Editor’s note: This is an automatically generated transcript. Please notify editor@healio.com if there are concerns regarding accuracy of the transcription.

The pipeline is, as you might imagine, with that sort of volume of new medications in the last few years, it suggests that we've learned a lot more about the mechanisms of disease. And so that knowledge leads to new medications and the pipeline is incredibly replete. There's the National Eczema Association is a wonderful advocacy group for atopic dermatitis, for patients, for providers, for all stakeholders really. And they have a page, a research page that captures all of the medications in, I think they limit it to, I think they may have all phases, but certainly you can narrow the window to phase three or above. And it's just crazy.

There are like more than double digit injectables, double digit orals, double digit topicals in that phase of development or beyond. So which ones am I most excited about? I guess it's mostly the ones I know the most about. So they're the ones that are furthest along. There's a novel target called OX40 and OX40 ligand, which is an important new area of information we've learned is important in the signaling of the inflammatory cascade of atopic dermatitis. That is, there is a OX40 blocker, which is pretty far down the road. We'll be excited to see where that goes.

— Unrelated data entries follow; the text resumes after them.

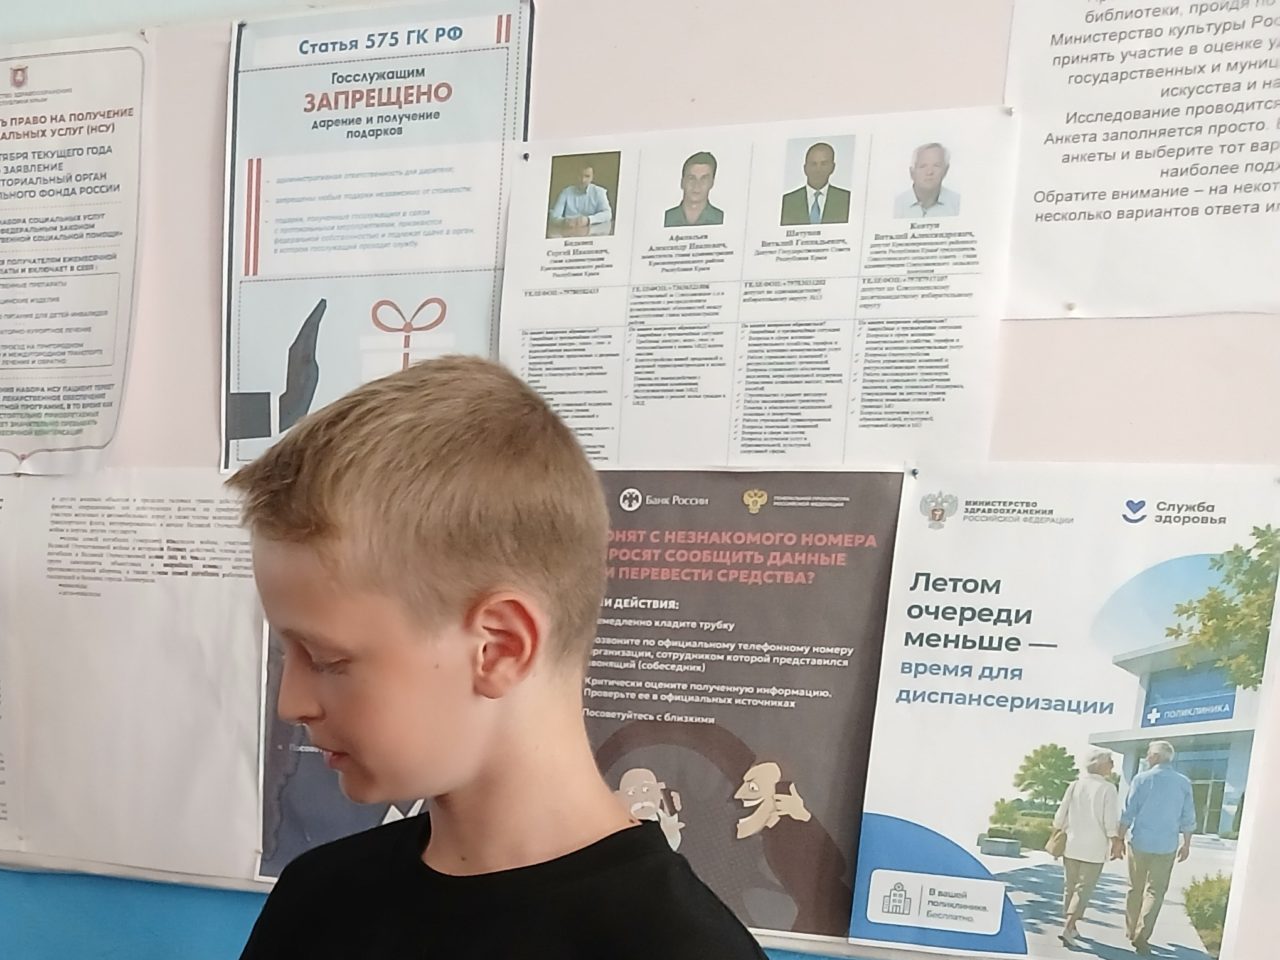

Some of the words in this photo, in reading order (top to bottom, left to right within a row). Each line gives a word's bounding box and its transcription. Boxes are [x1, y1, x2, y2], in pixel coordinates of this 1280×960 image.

[298, 38, 358, 55] Статья
[365, 32, 399, 50] 575
[406, 29, 429, 46] ГК
[435, 25, 463, 43] РФ
[1050, 28, 1164, 47] Министерство
[1168, 20, 1246, 40] культуры
[1052, 52, 1115, 67] принять
[1120, 45, 1184, 64] участие
[1188, 44, 1198, 55] в
[1203, 39, 1263, 55] оценке
[331, 67, 426, 86] Госслужащим
[1068, 63, 1206, 86] государственных
[1211, 63, 1221, 74] и
[303, 82, 453, 113] ЗАПРЕЩЕНО
[1160, 81, 1242, 99] искусства
[1247, 80, 1257, 91] и
[10, 115, 47, 127] ПРАВО
[50, 114, 66, 124] НА
[69, 107, 134, 122] ПОЛУЧЕНИЕ
[311, 115, 362, 130] дарение
[366, 116, 373, 125] и
[376, 110, 441, 126] получение
[1066, 105, 1181, 125] Исследование
[50, 126, 83, 138] УСЛУГ
[86, 122, 115, 135] (НСУ)
[346, 127, 403, 140] подарков
[1043, 132, 1097, 145] Анкета
[1102, 126, 1203, 143] заполняется
[31, 148, 84, 159] ТЕКУЩЕГО
[86, 145, 112, 156] ГОДА
[1061, 150, 1116, 164] анкеты
[1121, 150, 1130, 161] и
[1134, 143, 1214, 160] выберите
[1219, 142, 1246, 154] тот
[3, 162, 64, 175] ЗАЯВЛЕНИЕ
[74, 172, 107, 182] ОРГАН
[1160, 162, 1239, 178] наиболее
[38, 187, 77, 198] ФОНДА
[80, 184, 120, 195] РОССИИ
[1033, 190, 1107, 206] Обратите
[1111, 186, 1189, 201] внимание
[1208, 183, 1228, 195] на
[1035, 208, 1112, 223] несколько
[1116, 205, 1199, 221] вариантов
[1204, 202, 1260, 216] ответа
[645, 495, 669, 505] Банк
[672, 494, 709, 506] России
[964, 500, 1038, 508] МИНИСТЕРСТВО
[1156, 501, 1215, 514] Служба
[964, 508, 1054, 516] ЗДРАВООХРАНЕНИЯ
[1154, 514, 1227, 526] здоровья
[650, 531, 660, 543] С
[664, 532, 796, 546] НЕЗНАКОМОГО
[802, 534, 878, 548] НОМЕРА
[664, 549, 764, 565] СООБЩИТЬ
[766, 552, 847, 567] ДАННЫЕ
[618, 567, 713, 581] ПЕРЕВЕСТИ
[716, 569, 816, 585] СРЕДСТВА?
[910, 572, 1002, 596] Летом
[614, 596, 680, 610] ДЕЙСТВИЯ:
[906, 604, 1033, 627] очереди
[654, 620, 696, 628] кладите
[700, 620, 735, 632] трубку
[642, 638, 656, 646] по
[657, 638, 736, 652] официальному
[738, 642, 810, 654] телефонному
[812, 646, 854, 656] номеру
[904, 630, 1021, 652] меньше
[638, 660, 706, 672] (собеседник)
[656, 650, 724, 662] сотрудником
[726, 654, 771, 665] которой
[772, 656, 849, 666] представился
[900, 660, 974, 680] время
[978, 664, 1024, 682] для
[584, 676, 643, 688] Критически
[644, 682, 688, 690] оцените
[690, 684, 754, 694] полученную
[756, 686, 832, 698] информацию.
[584, 688, 636, 700] Проверьте
[638, 692, 650, 700] ее
[660, 692, 732, 704] официальных
[734, 698, 796, 708] источниках
[896, 687, 1115, 716] диспансеризации
[582, 708, 654, 721] Посоветуйтесь
[664, 712, 716, 724] близкими

There are medications that try to truly get at the, what we think is sort of the root cause. That's every parent's question is sort of what's the root cause here. And we don't have that full picture, but we know a molecule called Filaggrin, which is, it's almost, I sort of liken it to caulk in our skin. And if you don't have enough caulking, the skin, the skin is leaky in essence, and so can dry out, allergens and infections can get in. So that seems to be the original scent, if you will, of atopic dermatitis. And so they're investigations into, can we actually replace Filaggrin or have Filaggrin-based medications? That's interesting. The microbiome, oh my gosh, that's a fascinating topic. There's not, I don't think a specialty in medicine that the microbiome is now not an area of investigation and dermatology is no different. Atopic dermatitis specifically sort of dysbiosis of the cutaneous microbiome is a huge issue. And so there are a number of treatments now looking at that aspect. So yeah, a lot going on.

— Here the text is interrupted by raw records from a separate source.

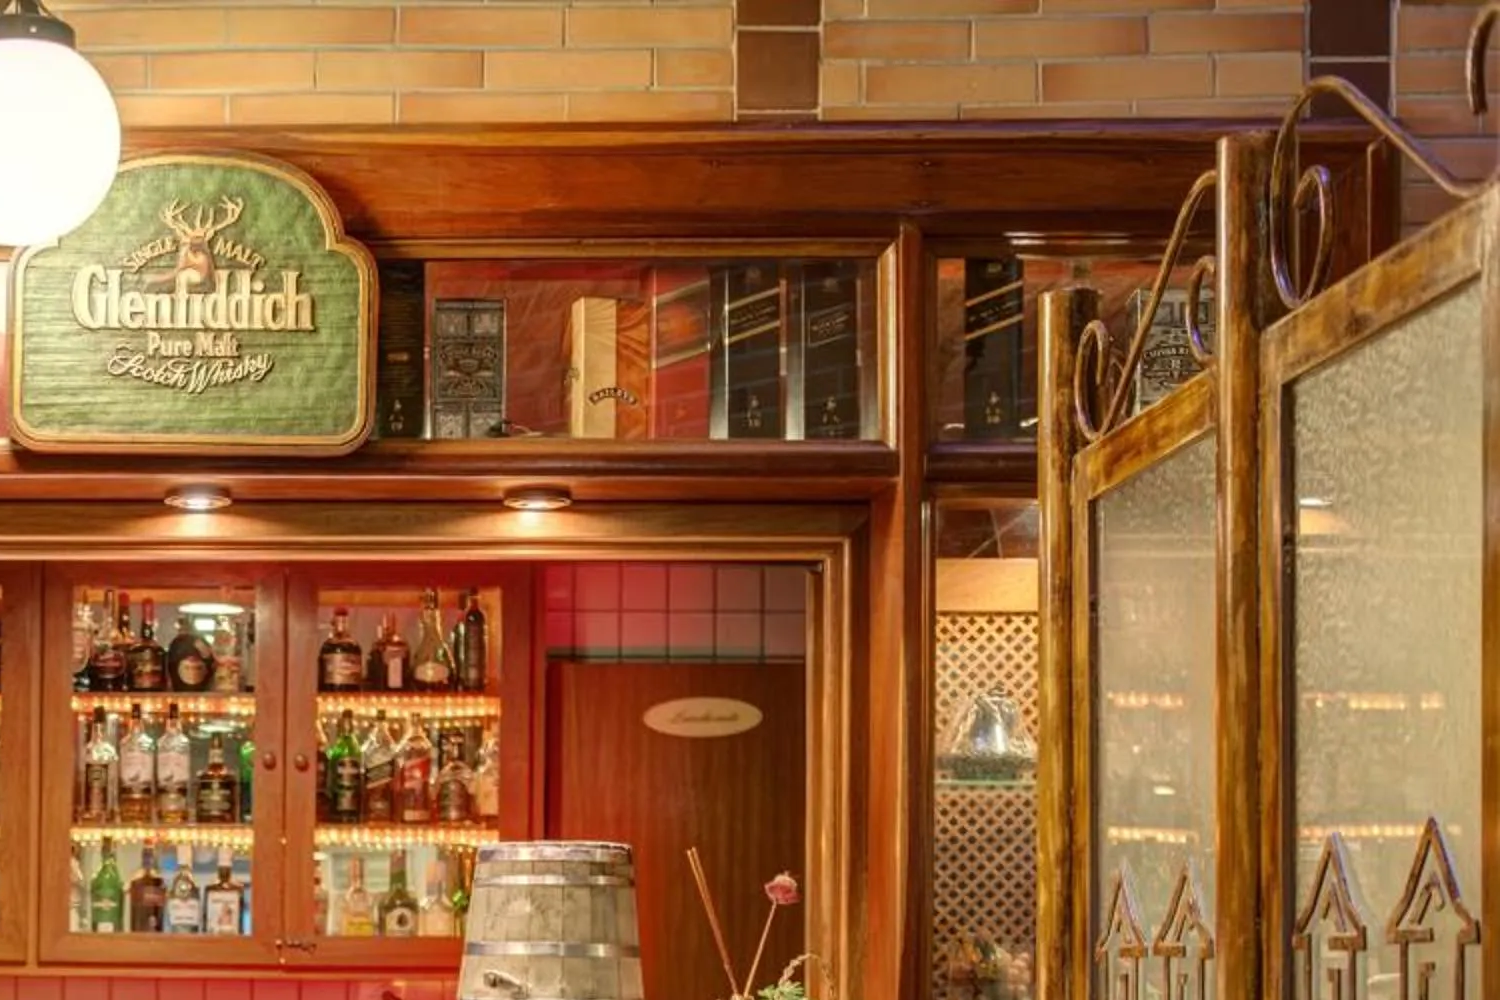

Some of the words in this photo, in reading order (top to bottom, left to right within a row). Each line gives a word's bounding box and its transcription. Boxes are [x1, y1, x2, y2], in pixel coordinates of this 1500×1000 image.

[123, 237, 178, 273] SINGLE
[214, 237, 266, 271] MALT
[71, 264, 315, 331] Glenfiddich
[148, 331, 192, 357] Pure
[195, 332, 240, 357] Malt
[108, 343, 188, 386] Scotch
[187, 353, 274, 394] Whisky
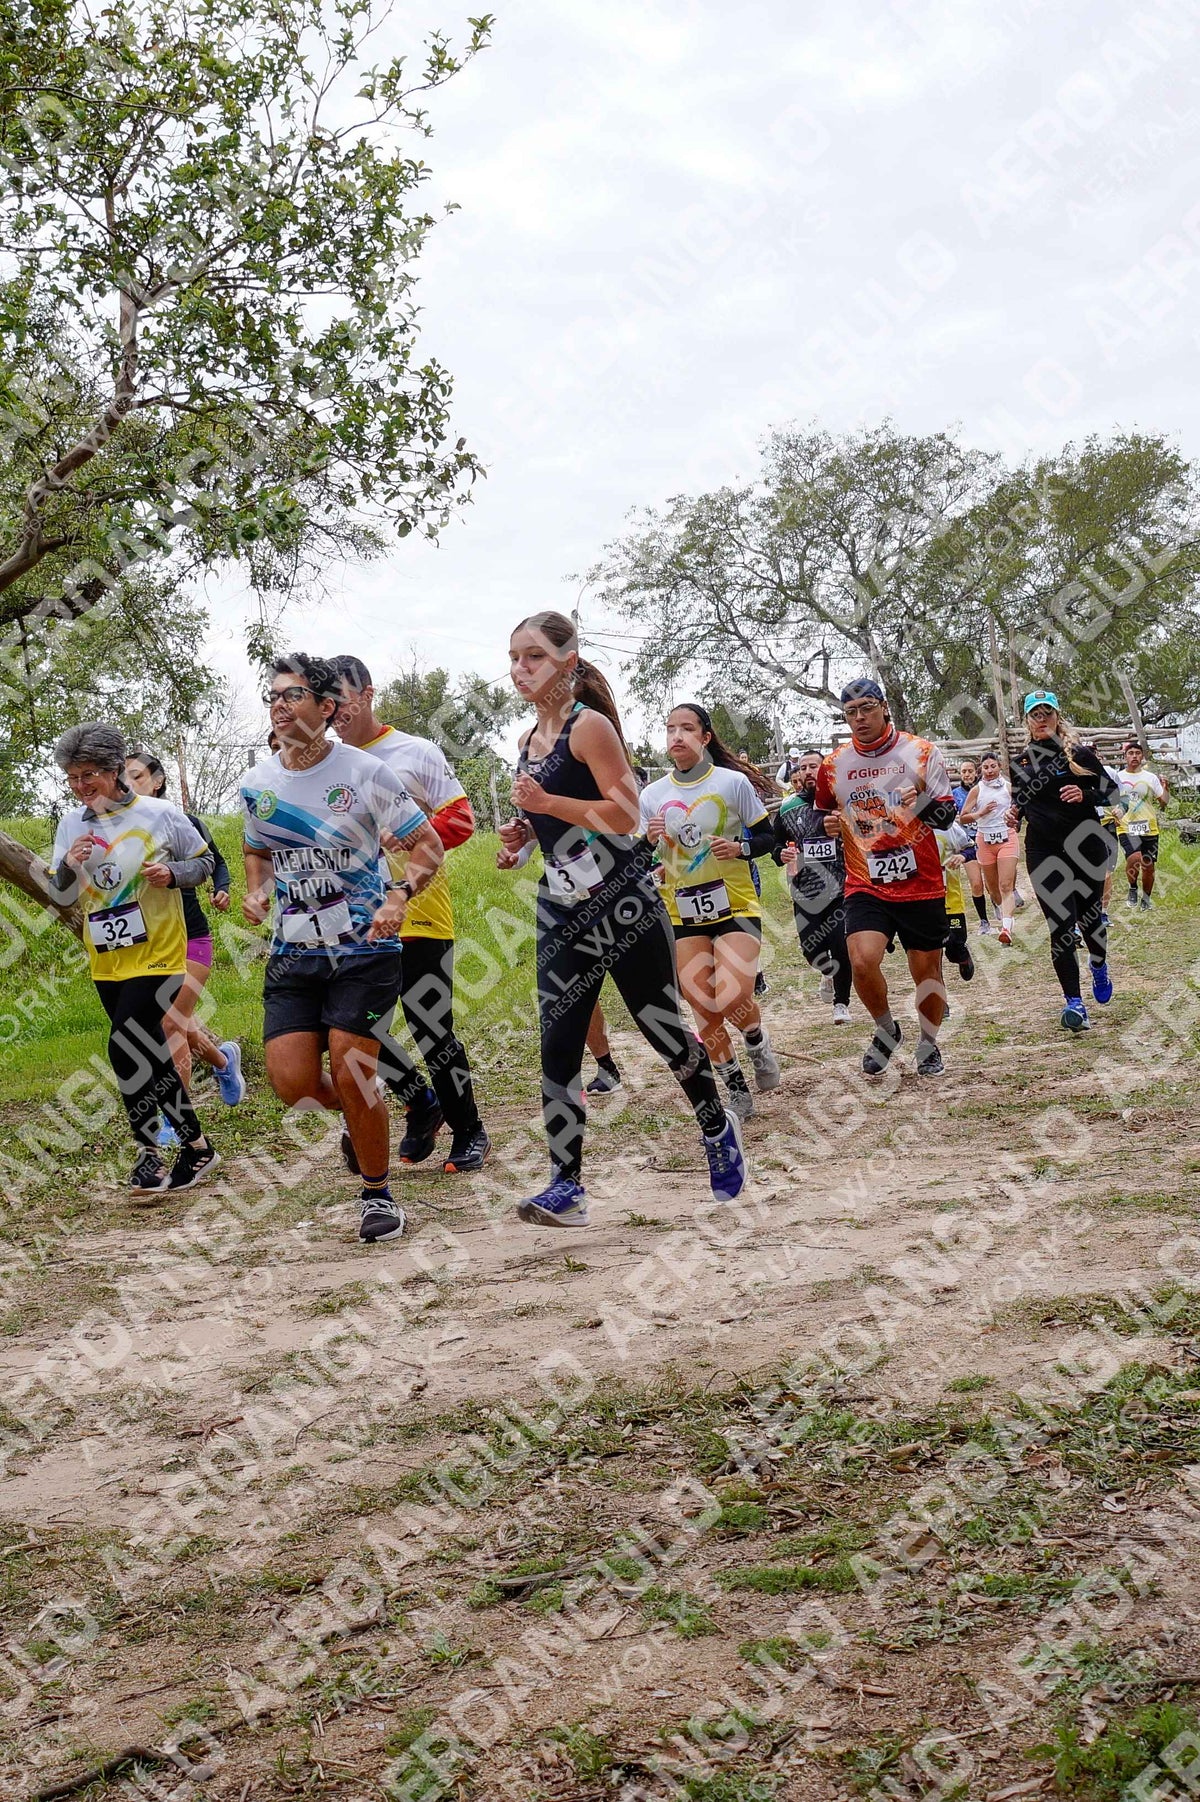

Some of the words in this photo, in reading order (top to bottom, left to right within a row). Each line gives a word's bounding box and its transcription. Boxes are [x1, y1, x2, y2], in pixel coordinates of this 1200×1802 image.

Robert Sidbury, MD, MPH, division head of dermatology at Seattle Children’s Hospital and professor in the department of pediatrics at University of Washington School of Medicine, explored the treatment pipeline in atopic dermatitis in a video interview.

“The pipeline is, as you might imagine, with that sort of volume of new medications in the last few years, it suggests that we've learned a lot more about the mechanisms of disease,” he told Healio. “And so that knowledge leads to new medications and the pipeline is incredibly replete.”